UNCTAD tackles crypto in the developing world in a series of critical policy briefs

The United Nations organization urges countries with emerging economies to implement regulations to avoid the potentially destabilizing influence of crypto- currency.

UNCTAD takes aim at crypto in developing world in a series of critical policy briefs New

The United Nations Conference on Trade and Development (UNCTAD) released a policy brief on cryptocurrency on Wednesday. This is the third consecutive dossier the agency has dedicated to crypto, and together they represent a detailed assessment of the risks crypto poses to developing economies and options for addressing those risks.

UNCTAD Policy Brief No. 102, dated July but recently released, argues that while cryptocurrency can facilitate remittances and encourage financial inclusion, it can also undermine the mobilization of domestic resources in developing economies by enabling tax avoidance by hiding ownership of financial flows and directing them out of the country. The authors of the brief statement, “Cryptocurrencies share all the characteristics of traditional tax havens – pseudonymous accounts, and insufficient tax oversight or weak enforcement.”

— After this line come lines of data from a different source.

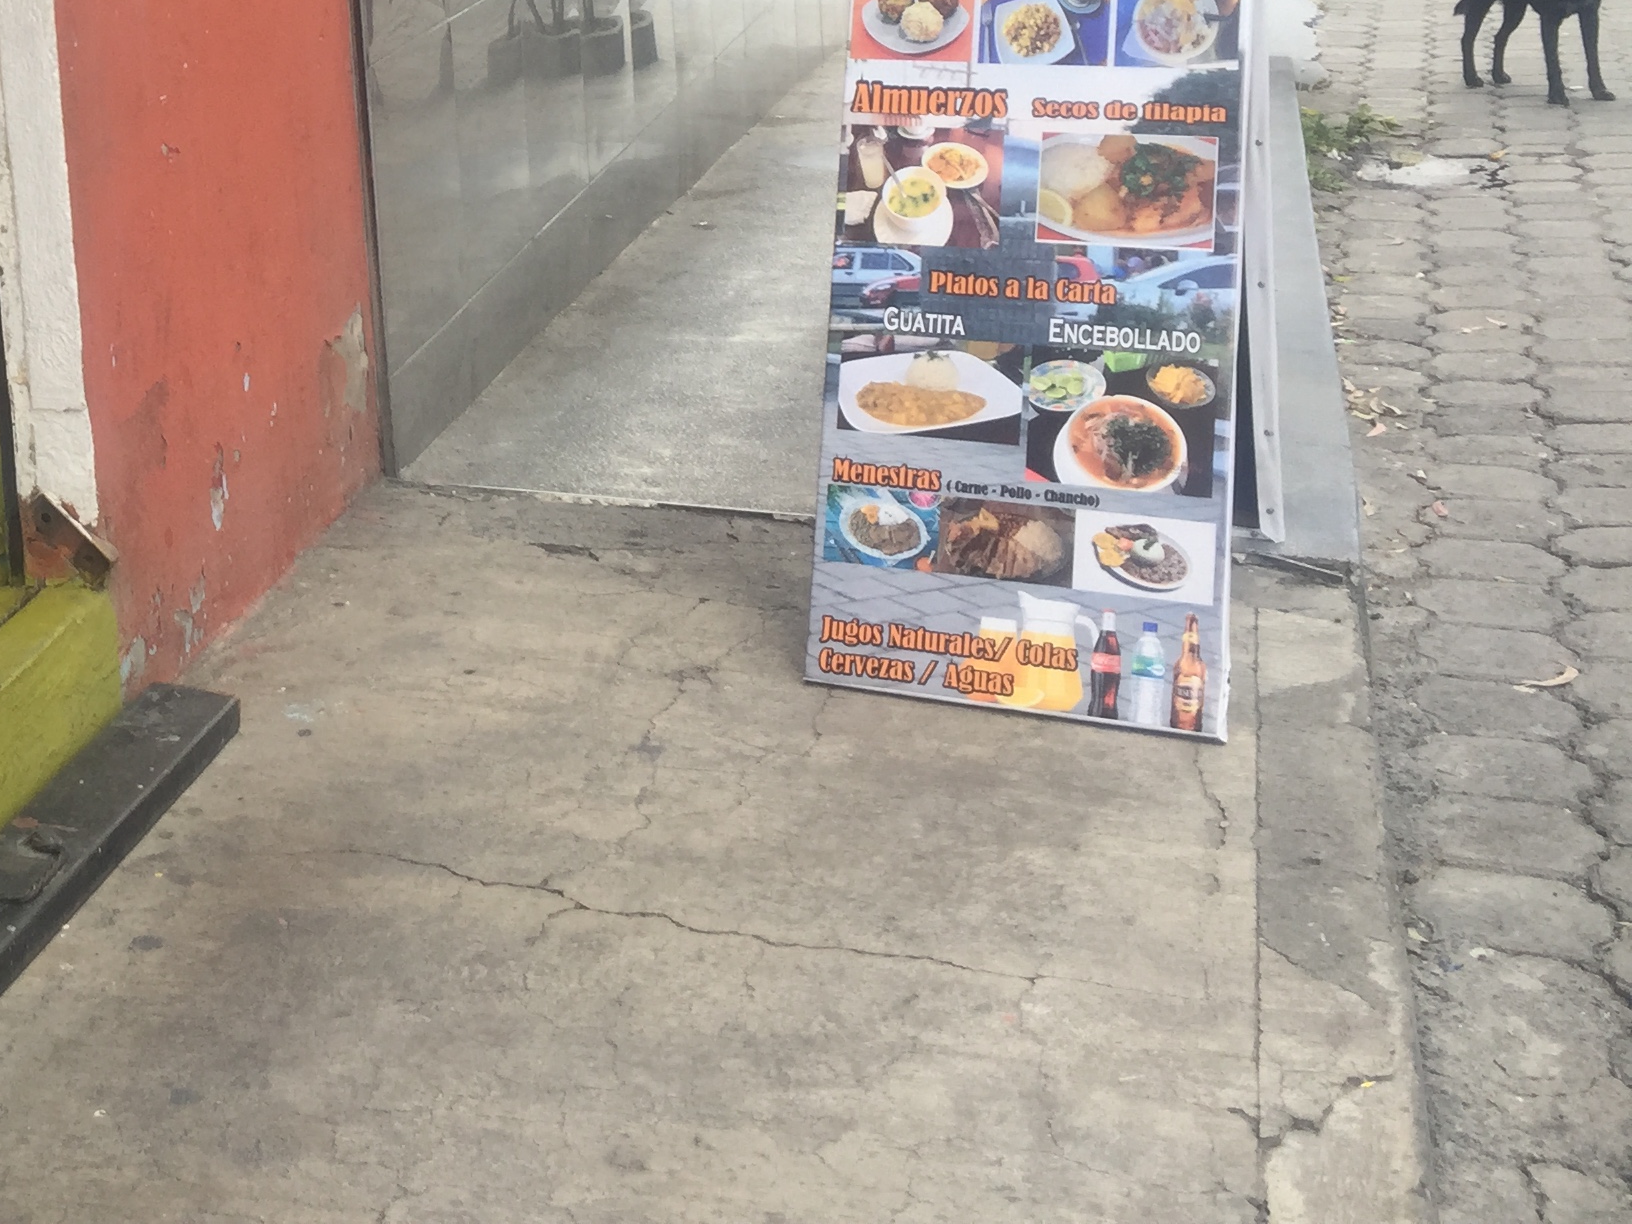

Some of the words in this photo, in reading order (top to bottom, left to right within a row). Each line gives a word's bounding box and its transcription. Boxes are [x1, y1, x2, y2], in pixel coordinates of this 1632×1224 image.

[850, 79, 1010, 119] Almuerzos
[1031, 98, 1099, 120] Secos
[1103, 100, 1137, 121] de
[1142, 100, 1228, 123] tilapia
[930, 270, 1000, 299] Platos
[1004, 280, 1020, 300] a
[1025, 275, 1050, 302] la
[1054, 278, 1118, 306] Carta
[831, 456, 943, 492] Menestras
[954, 479, 989, 497] Carne
[999, 484, 1033, 501] Pollo
[820, 614, 883, 648] Jugos
[1015, 639, 1080, 672] Colas
[818, 646, 915, 684] Cervezas
[942, 664, 1016, 698] Aguas

Most developing countries do not have tax regulations covering cryptocurrencies, and the lack of a third-party reporting system makes it easy to conceal crypto holdings, the brief notes. He continued:

"Contrary to the widely held view that cryptocurrencies are not intermediated, but operate using automated protocols, there are countless service providers, including crypto exchanges, wallets digital and decentralized finance (DeFi) platforms, which enable the use and holding of cryptocurrencies.Once regulated, these service providers could help improve tax reporting.”

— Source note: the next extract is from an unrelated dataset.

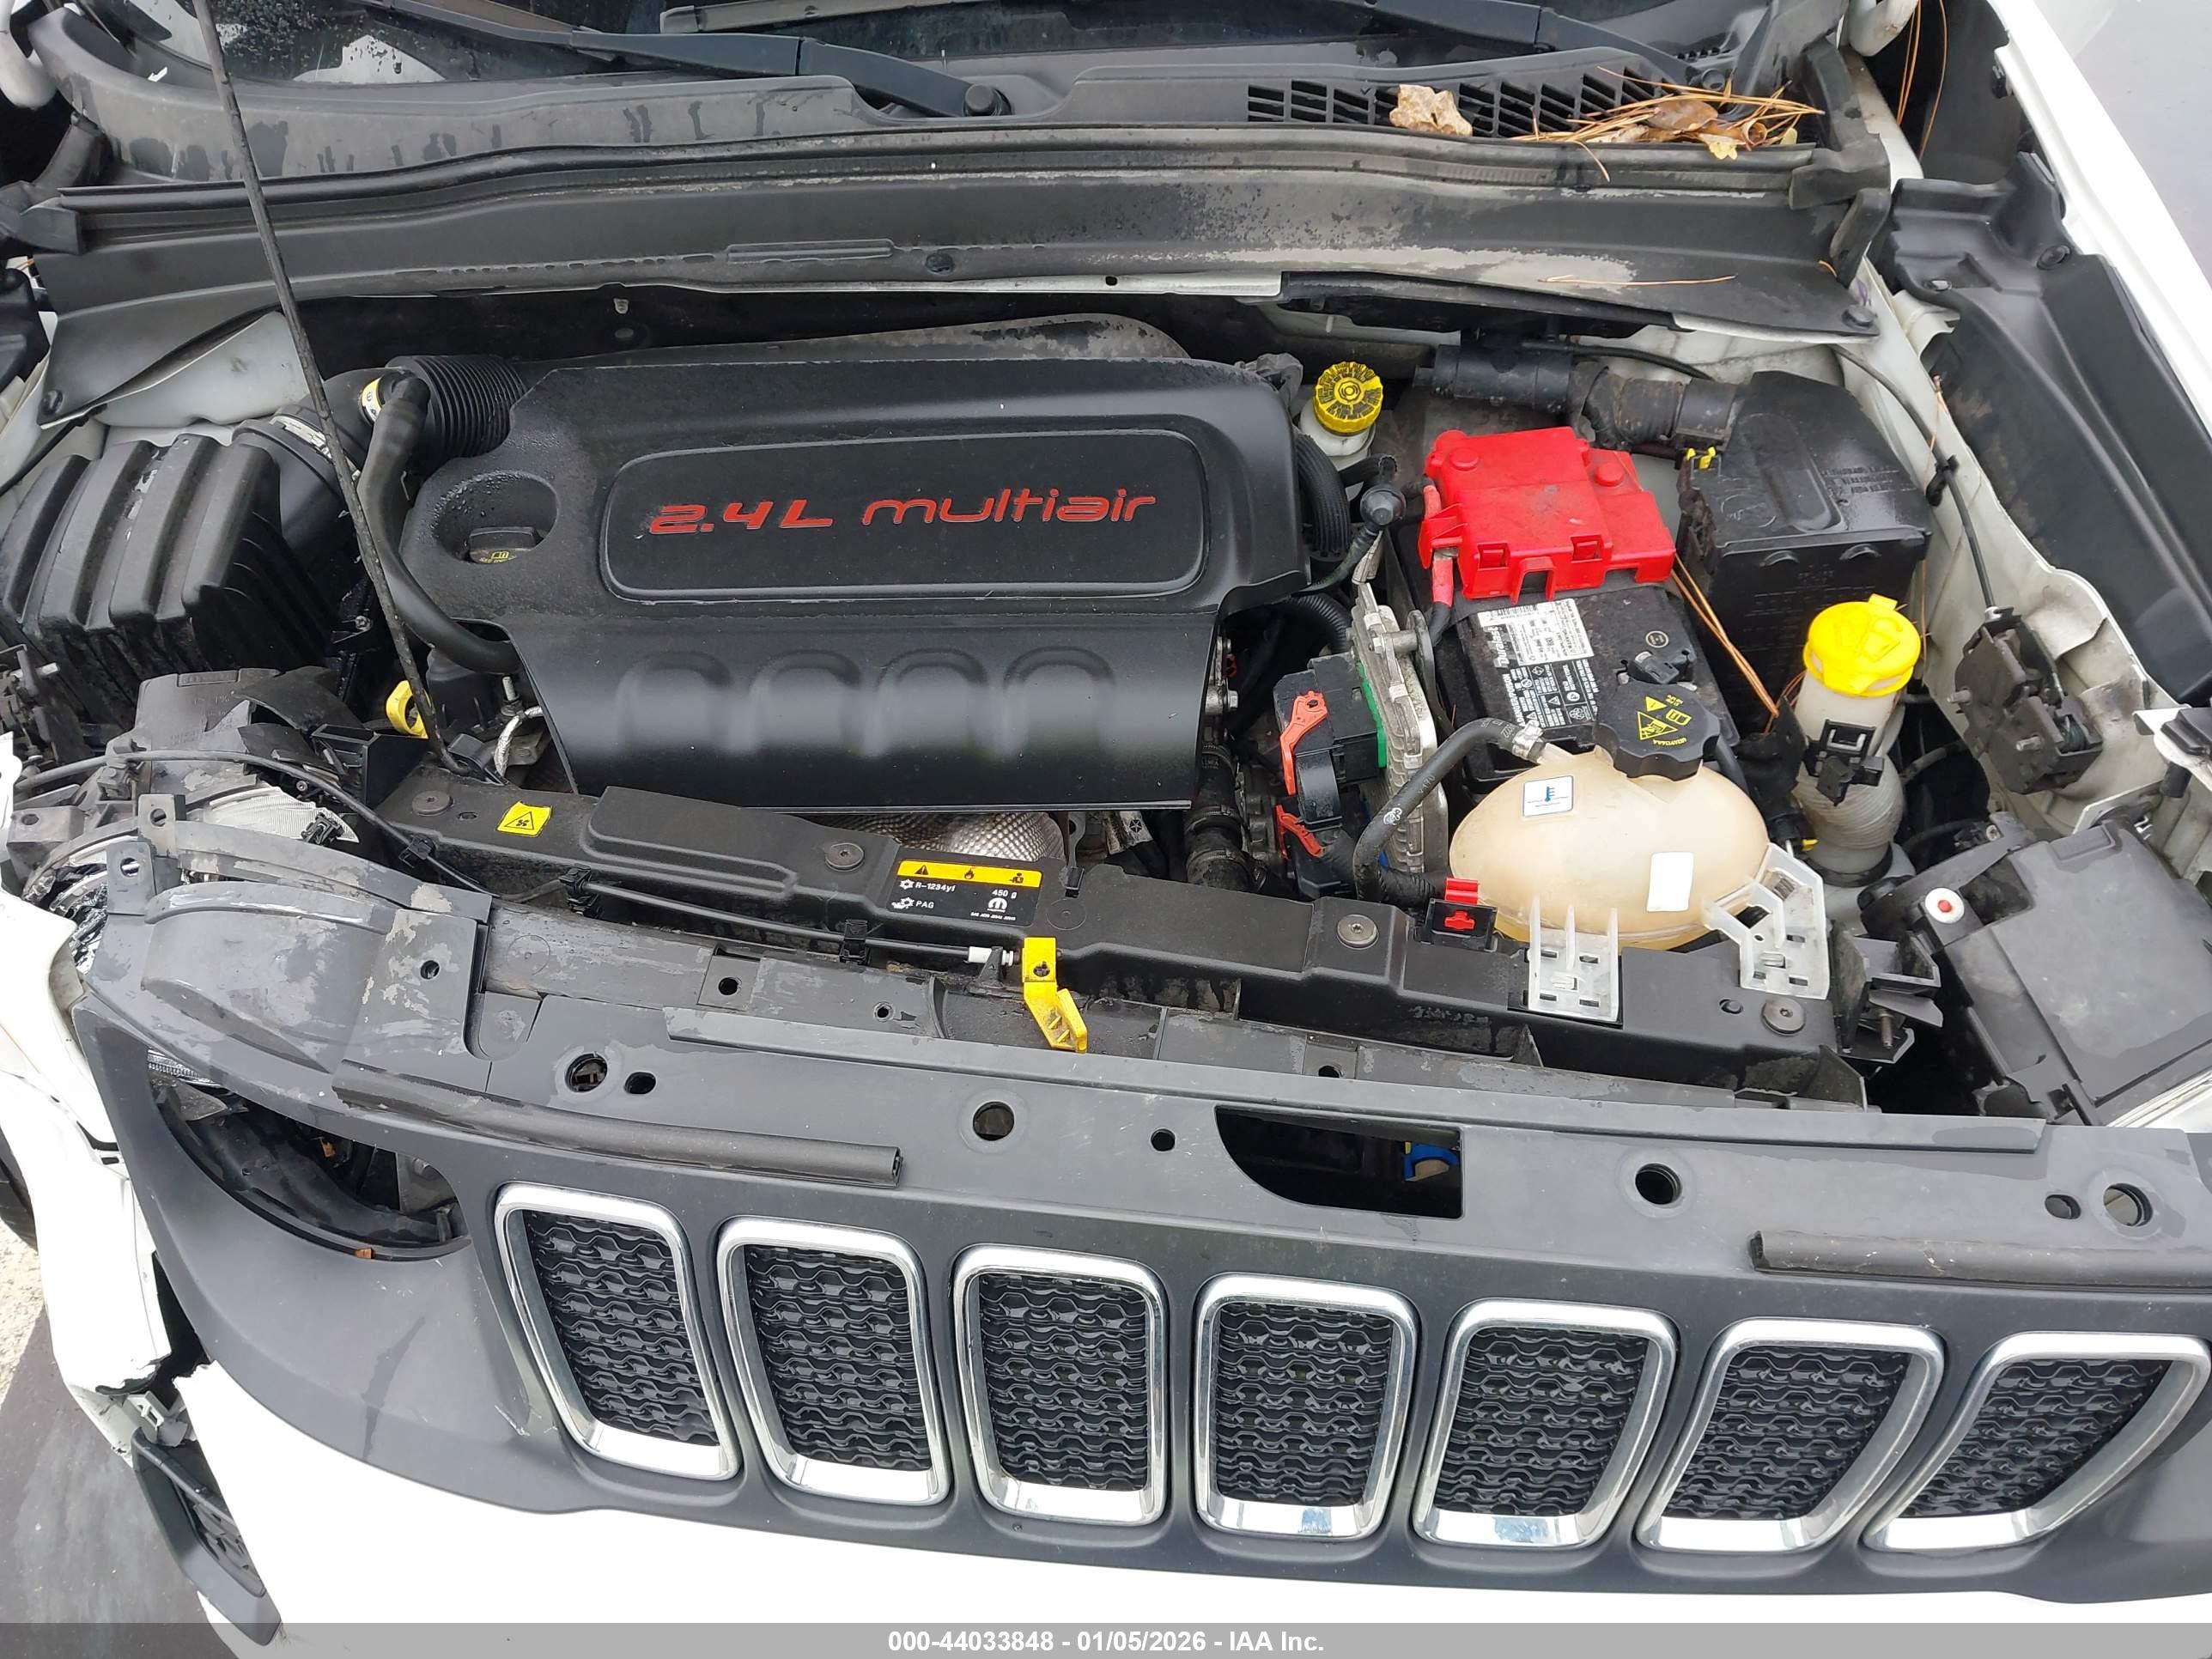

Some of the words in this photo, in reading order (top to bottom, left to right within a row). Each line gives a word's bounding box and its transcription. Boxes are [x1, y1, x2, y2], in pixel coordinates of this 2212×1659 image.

The note recommends that developing countries define the legal status of cryptocurrencies and establish reporting requirements for crypto service providers. Additionally, it recommends the implementation of “global cryptocurrency tax regulations” and a system for sharing information on holding and trading crypto. Higher taxes on cryptocurrencies relative to other assets would discourage holding them and using them for transactions, the brief notes.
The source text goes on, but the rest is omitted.